RECORDS SHOWN
▼
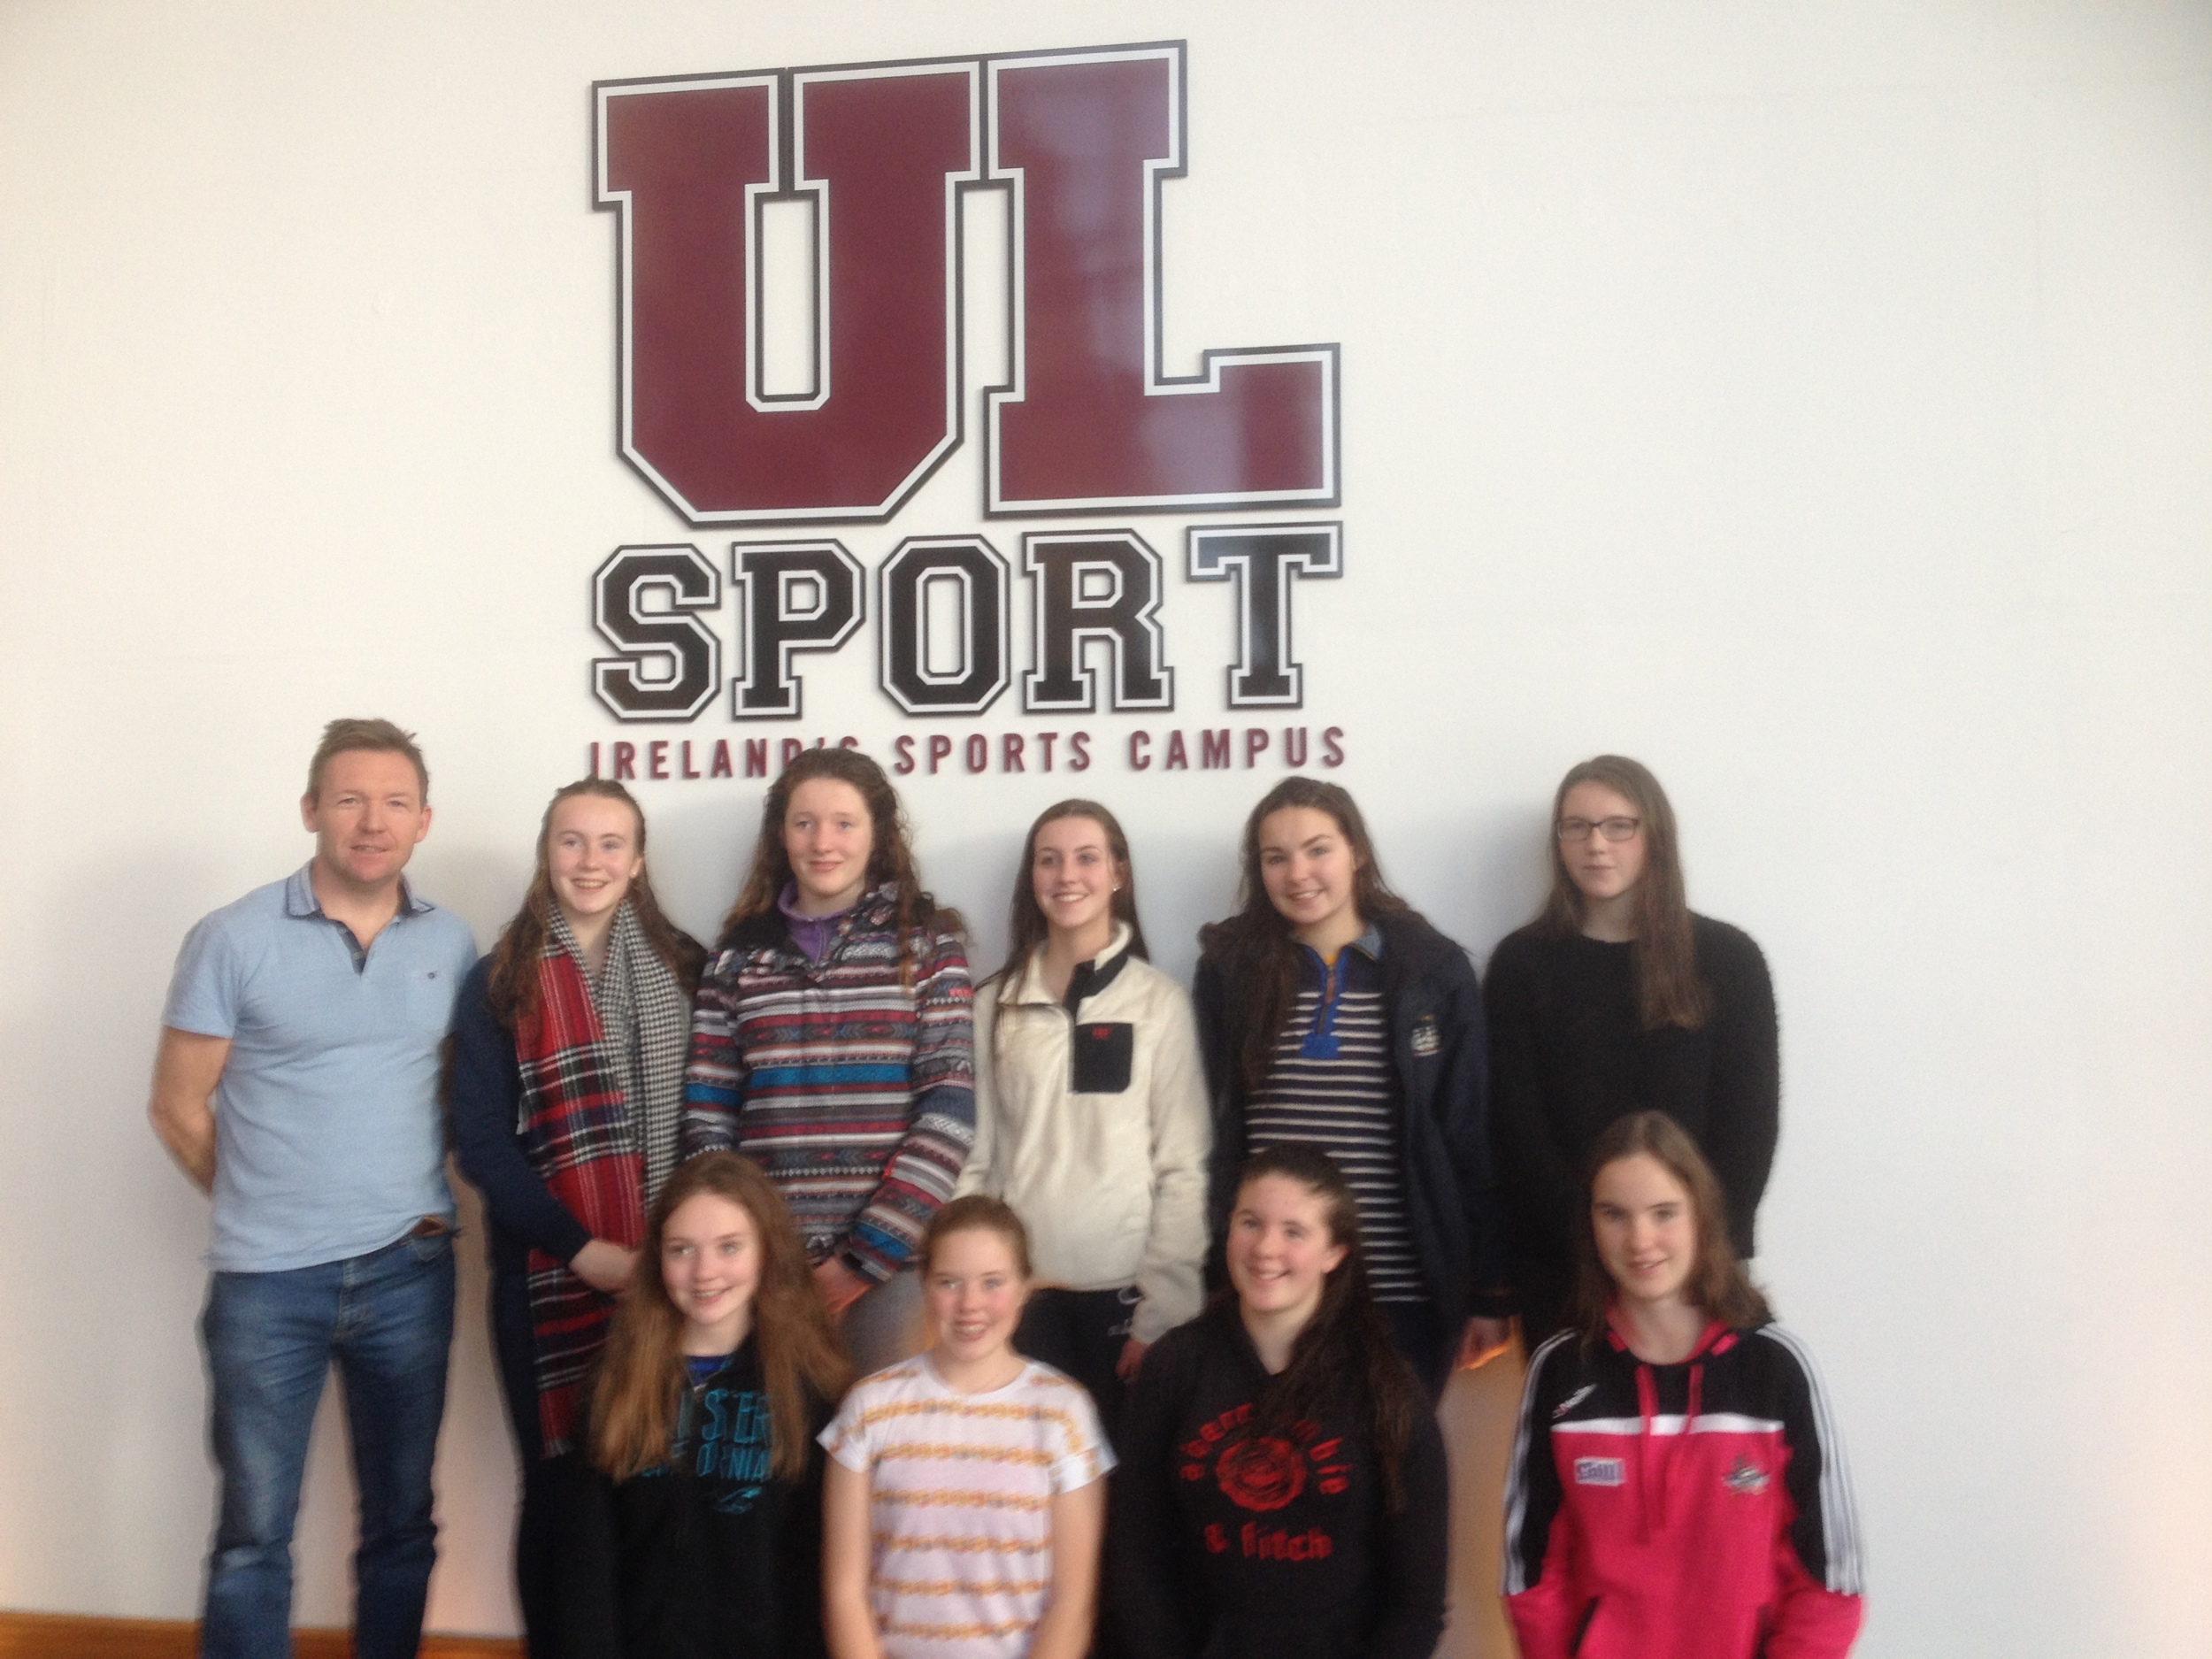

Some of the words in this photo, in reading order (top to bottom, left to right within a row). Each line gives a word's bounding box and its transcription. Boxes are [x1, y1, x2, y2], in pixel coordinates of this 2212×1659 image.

[592, 39, 1341, 528] UL
[591, 520, 1343, 723] SPORT
[894, 731, 1092, 775] SPORTS
[1129, 726, 1345, 771] CAMPUS
▲
YOUR TASK
Repeat the material line for line. Pictures stay out of the copy.

TASK SOLUTION
Some of the words in this photo, in reading order (top to bottom, left to right within a row). Each line gives a word's bounding box and its transcription. Boxes are [x1, y1, x2, y2], in pixel coordinates of this 2212×1659 image.

[592, 39, 1341, 528] UL
[591, 520, 1343, 723] SPORT
[894, 731, 1092, 775] SPORTS
[1129, 726, 1345, 771] CAMPUS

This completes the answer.